She was a sales manager. Ordinary. The kind you don’t notice — not in the office, not on the subway, not even at parent-teacher meetings. Early forties. Short dark hair. A calm gaze. A tired smile by 9 a.m. Married. Child in preschool. Life — like so many others: office, reports, family duties, Friday exhaustion. Nothing remarkable. And perhaps that was her greatest talent — invisibility. Until she decided to step into the light.
Then — everything changed. She enrolled in a distance-learning program. Became a “therapist.”
These days, people throw that word around like confetti at a corporate party.
“I’m a therapist.”
“I’ll help you heal your trauma.”
“You’re a victim of manipulation.”
“You need to close your gestalt.”
Instantly. Based on three words in a DM. No diagnosis. No history. No silence — just bright labels and ready-made answers. As if the human psyche were a crossword puzzle, not a labyrinth.
Some, of course, actually know what they’re doing. They’re rare. But they exist. They don’t shout about themselves in Instagram Stories. They don’t promise healing in three sessions. They listen. They stay quiet when it matters. They don’t push. They don’t “rescue.” They simply — guide. Their work isn’t about power. It’s about trust. Patience. Helping someone find their own way out — not because they were told to, but because they felt: “I can.”
But then… there are others.
I worked with one of them for four years. Let’s call her I. Over time, I learned to predict: when she’d switch into “I’m always right” mode, when she’d start applying pressure, when she’d turn a discussion into a hunt. Especially when it came to men, women, relationships, “who’s to blame.” Disagree? Her eyes would narrow. Her voice — soften. Her arguments — sharpen. She didn’t want to understand. She wanted to win. And the longer the argument lasted, the more she resembled a predator — not just eager to win, but determined to make you feel your defeat. To break yourself into pieces. Apologize. Agree. Disappear.

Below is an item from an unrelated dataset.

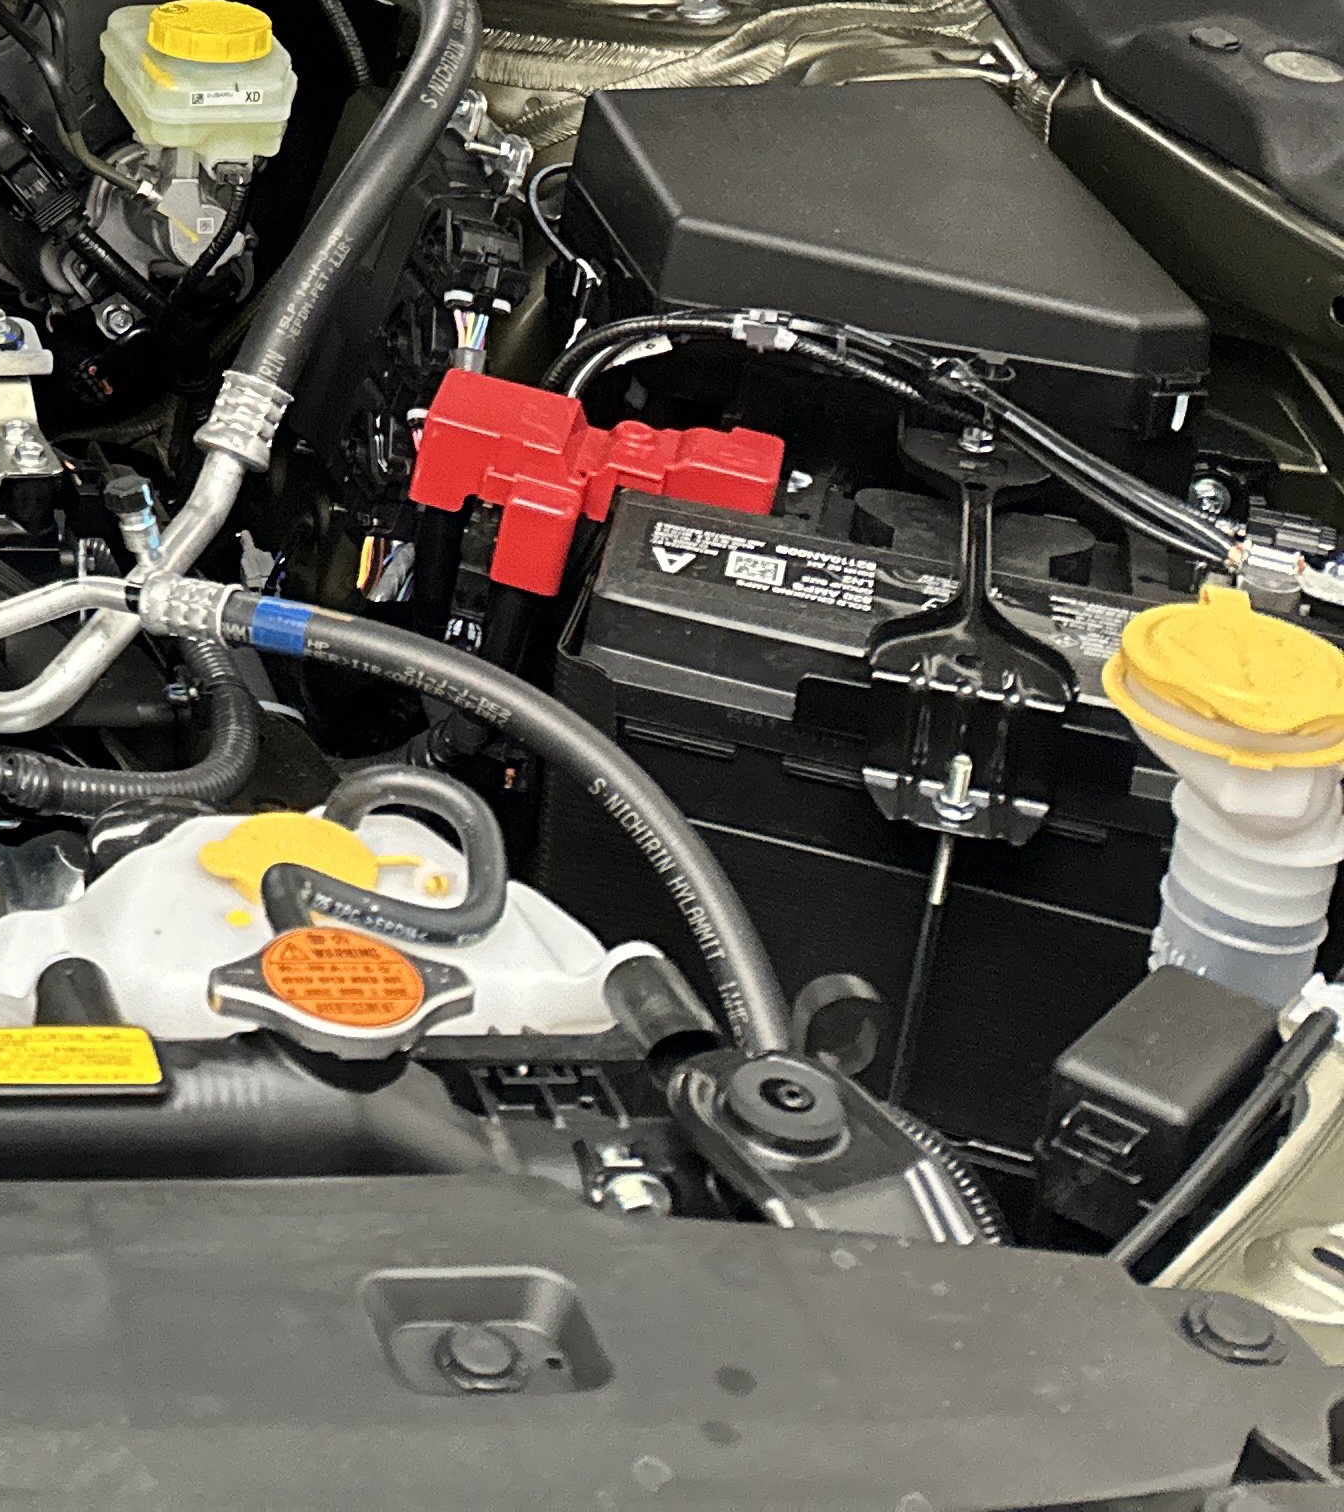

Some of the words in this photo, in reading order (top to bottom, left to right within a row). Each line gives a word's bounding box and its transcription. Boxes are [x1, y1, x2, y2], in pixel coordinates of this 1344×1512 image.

[245, 91, 261, 103] XD
[792, 581, 841, 599] AMPS
[666, 875, 725, 962] HYLAMMIT
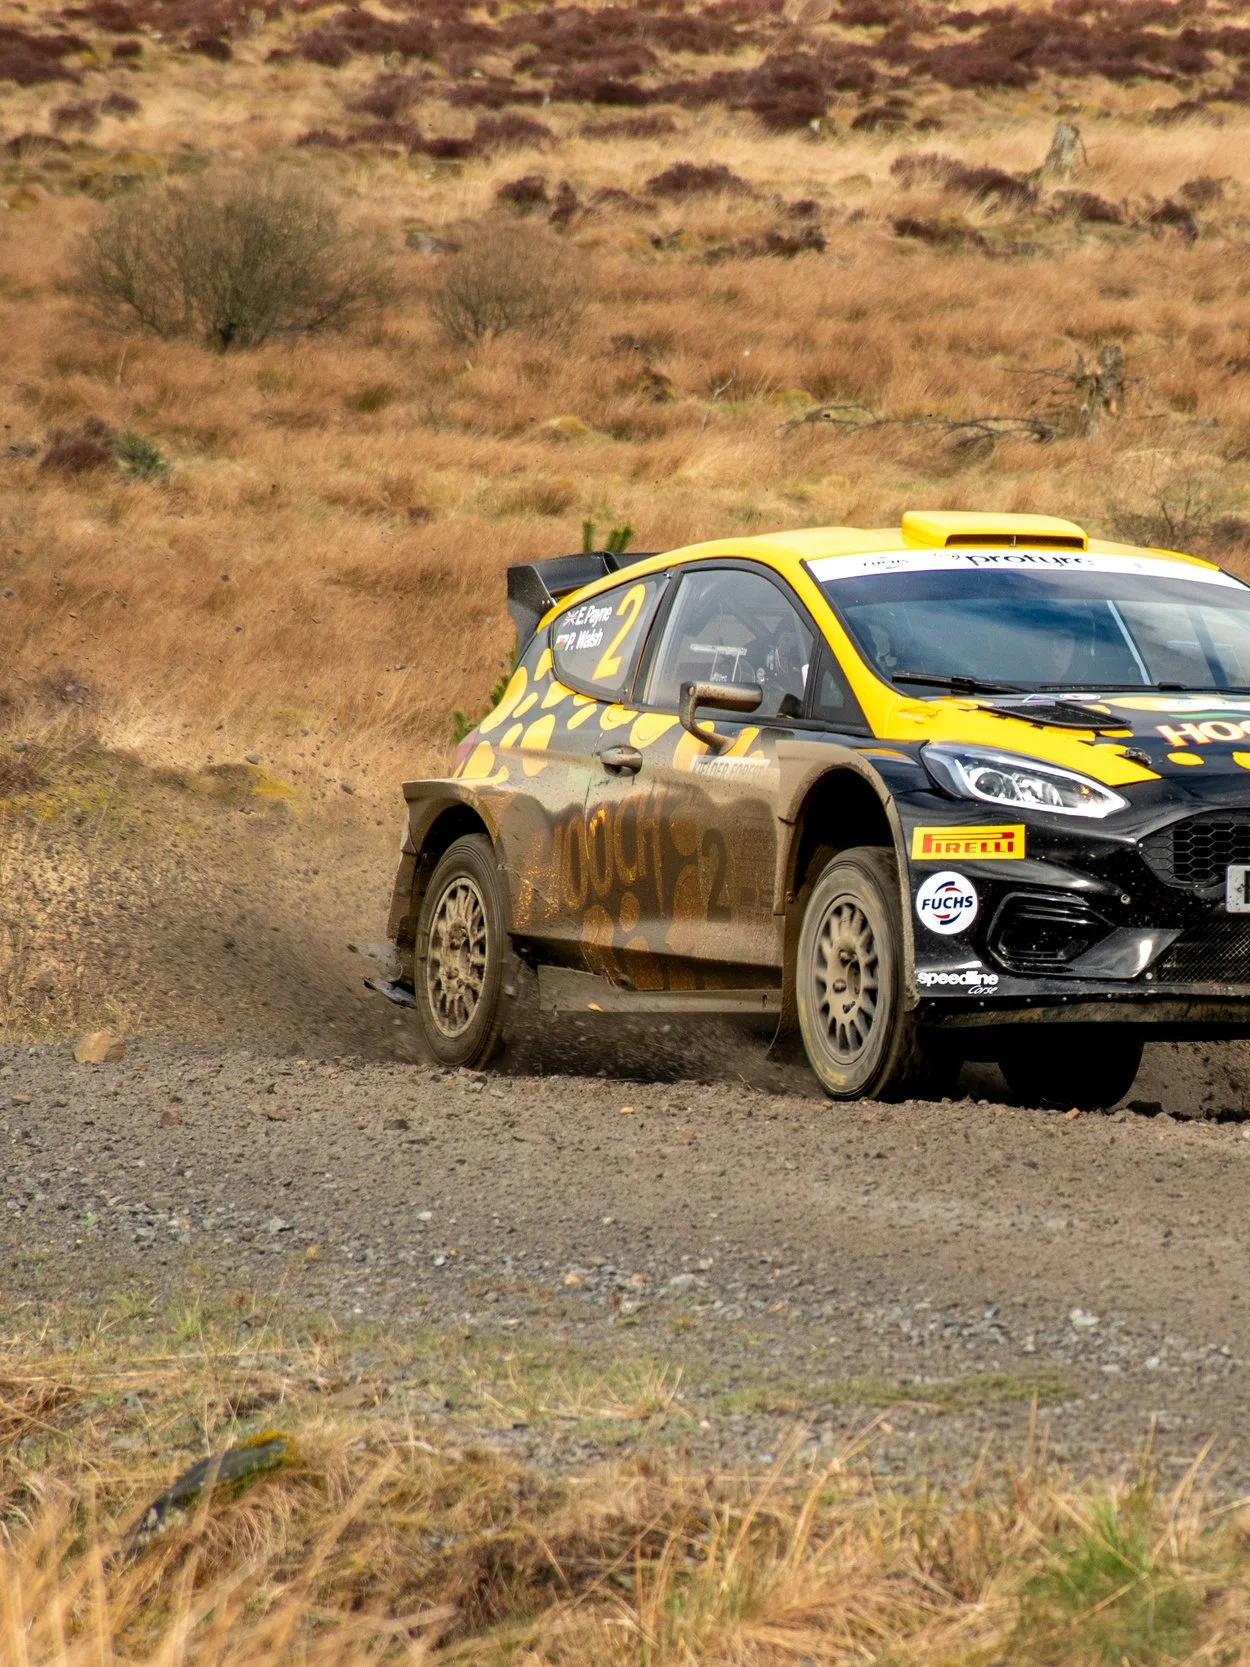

Now, I. is a “therapist.” And she’s bringing her “wisdom” to those who need it most — the ones who’ve lost their footing. Who don’t believe in themselves. Who came for help… not judgment.
Imagine: you walk in carrying pain. Anxiety. That nagging feeling that “something’s wrong.” And she meets you with calm certainty: “You’re a victim. You’ve been used your whole life. You need to cut all ties. And start with me.” No silence. No space. Just a ready-made script — and you, cast as the protagonist being rescued. From whom? Yourself? The world? Your past?
This isn’t therapy. It’s a transfer of power. From the vulnerable — to the self-proclaimed “all-knowing.” And the scariest part? It works. Because a hurting person doesn’t crave truth. They crave a savior. And if no real professional is nearby, they’ll take the one who shouts loudest: “I know how you should live!”
We learn in school. Then university. Then — life. Real psychology should teach us: to think for ourselves. To make decisions. To not fear pain. To stop hiding behind borrowed diagnoses. But instead — we often seek out those who say: “It’s not your fault. It’s everyone else.” And that feels so comfortable. So warm. So… dangerous.
Because real help isn’t about “I know how you should live.”
It’s about: “I’m here. You’re not alone. Let’s figure this out — together.”
It’s slow. Unsensational. Doesn’t fit in an Instagram Story.
But it works.
So who are these new “therapists”?
Saviors?
Judges?
Or just people who found a way to turn someone else’s pain into their own source of significance?